(Image-backed grounding data)
- - -

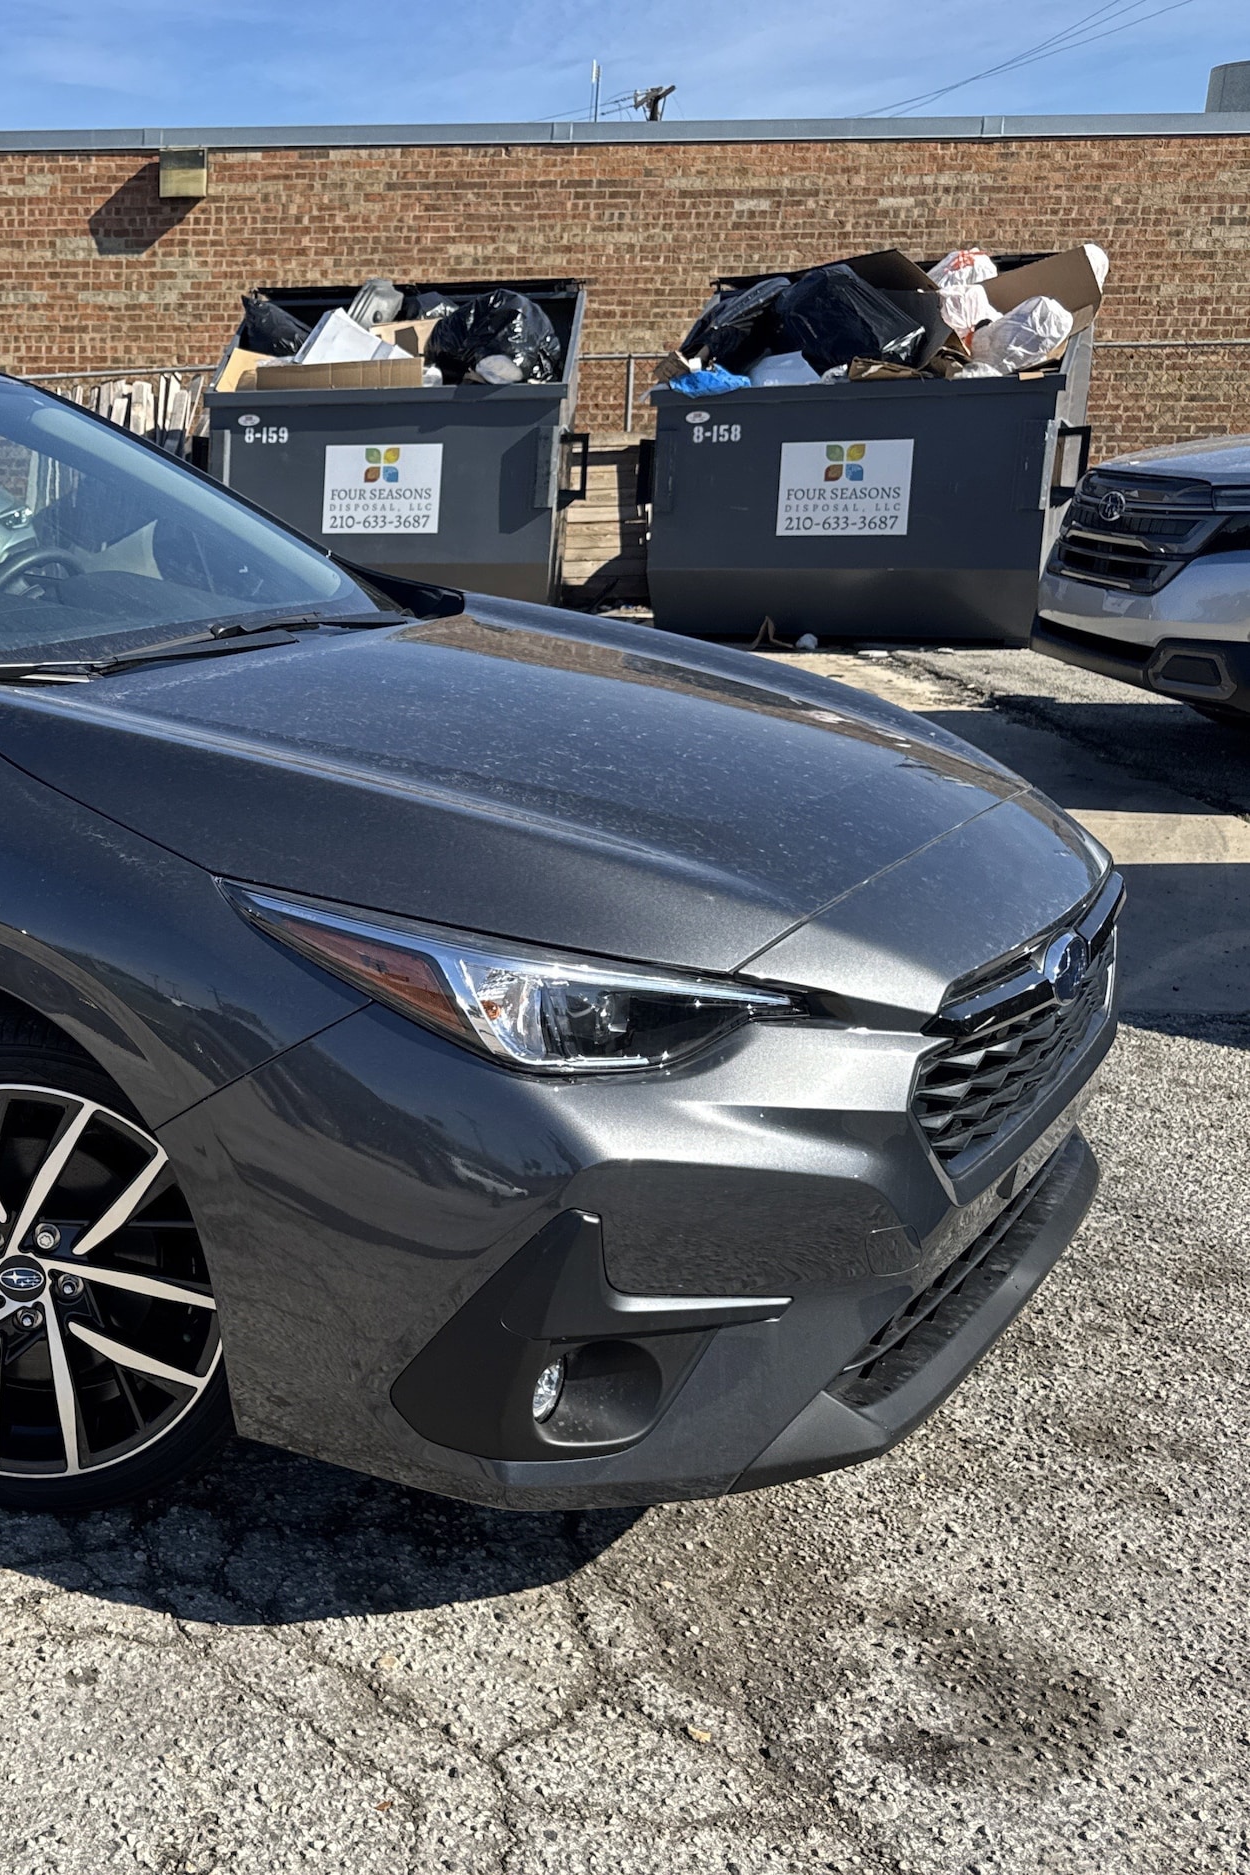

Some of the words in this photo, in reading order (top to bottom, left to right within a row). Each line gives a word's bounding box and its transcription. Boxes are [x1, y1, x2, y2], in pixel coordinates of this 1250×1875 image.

[244, 426, 289, 444] 8-159
[692, 424, 741, 443] 8-158
[330, 488, 366, 500] FOUR
[369, 487, 432, 500] SEASONS
[786, 487, 826, 501] FOUR
[830, 486, 902, 500] SEASONS
[329, 503, 401, 512] DISPOSAL,
[409, 503, 433, 512] LLC
[784, 503, 866, 513] DISPOSAL,
[875, 502, 902, 512] LLC
[329, 514, 430, 529] 210-633-3687
[784, 515, 899, 531] 210-633-3687

- - -

#### [What is being asked]
Repeat the data in full, exactly as it stands, but drop every picture.

#### [Result of this exercise]
Some of the words in this photo, in reading order (top to bottom, left to right within a row). Each line gives a word's bounding box and its transcription. Boxes are [x1, y1, x2, y2], in pixel coordinates of this 1250×1875 image.

[244, 426, 289, 444] 8-159
[692, 424, 741, 443] 8-158
[330, 488, 366, 500] FOUR
[369, 487, 432, 500] SEASONS
[786, 487, 826, 501] FOUR
[830, 486, 902, 500] SEASONS
[329, 503, 401, 512] DISPOSAL,
[409, 503, 433, 512] LLC
[784, 503, 866, 513] DISPOSAL,
[875, 502, 902, 512] LLC
[329, 514, 430, 529] 210-633-3687
[784, 515, 899, 531] 210-633-3687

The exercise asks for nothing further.